Kevin Bankston and Ashkan Soltani published their work in the Yale Law Journal, in response to the landmark 2012 US vs. Jones Supreme Court decision that found that GPS tracking had to be classified as a different kind of tracking to the traditional foot and car methods. The researchers weighed up both the cost of the technology and the cost of keeping agents on the ground, and have even broken down cell phone tracking by network: over a month, T-Mobile is the most expensive ($2,800), AT&T the second most expensive ($800) and Sprint the cheapest, by a long way ($30).

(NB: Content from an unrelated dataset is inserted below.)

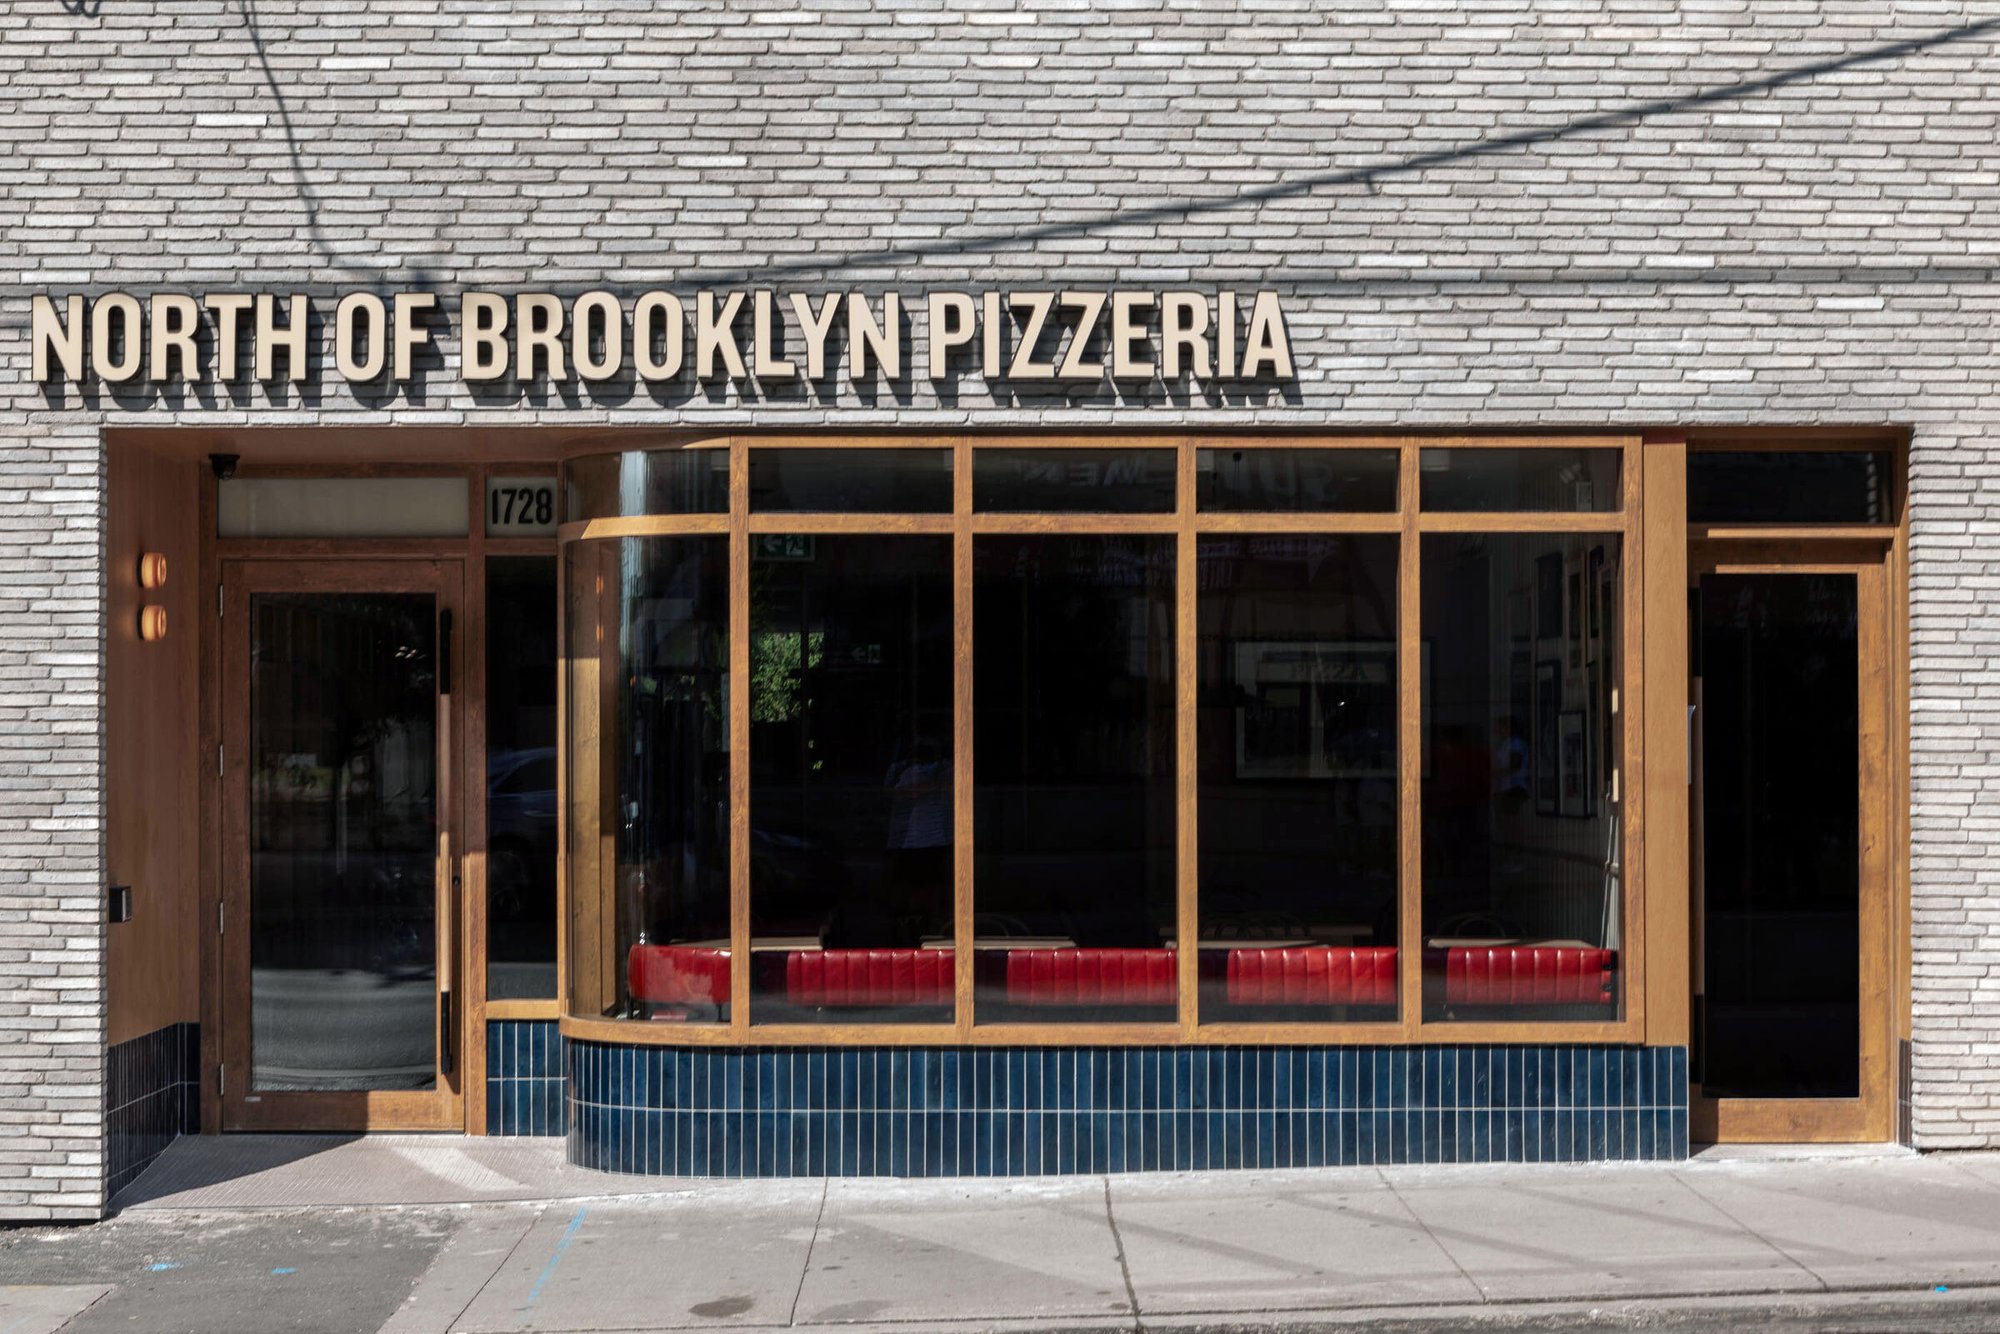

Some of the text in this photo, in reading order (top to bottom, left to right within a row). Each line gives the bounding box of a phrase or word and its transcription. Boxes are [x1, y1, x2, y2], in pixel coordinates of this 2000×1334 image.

[30, 290, 1294, 382] NORTH OF BROOKLYN PIZZERIA
[492, 487, 552, 525] 1728

The fact that the police or FBI can now fix a GPS transmitter to the underside of your car rather than having to keep two agents and a vehicle on your tail means that more people can be tracked for a fraction of the cost. “You have such a drastic reduction in the cost to perform the surveillance that they’re different not just in quantity but in kind,” Soltani told Forbes. “It would be humanly impossible to track the number of people [law enforcement agencies] are currently tracking without this technology. And that’s why it’s such a game changer.”
“When it was physically impossible to track everyone at the same time, you didn’t need a law for it. What we’re saying is that technology changes what’s possible, and as a result, we may need to add legal barriers to compensate for those changing technical barriers.”
In the US vs. Jones case, warrantless GPS tracking was found to be more of a potential privacy violation than following someone in a car, even though the two methods achieve broadly similar results. As yet, no such definitive ruling has been made regarding tracking cell phones without a warrant, and it’s this issue that Bankston and Soltani are hoping to draw attention to.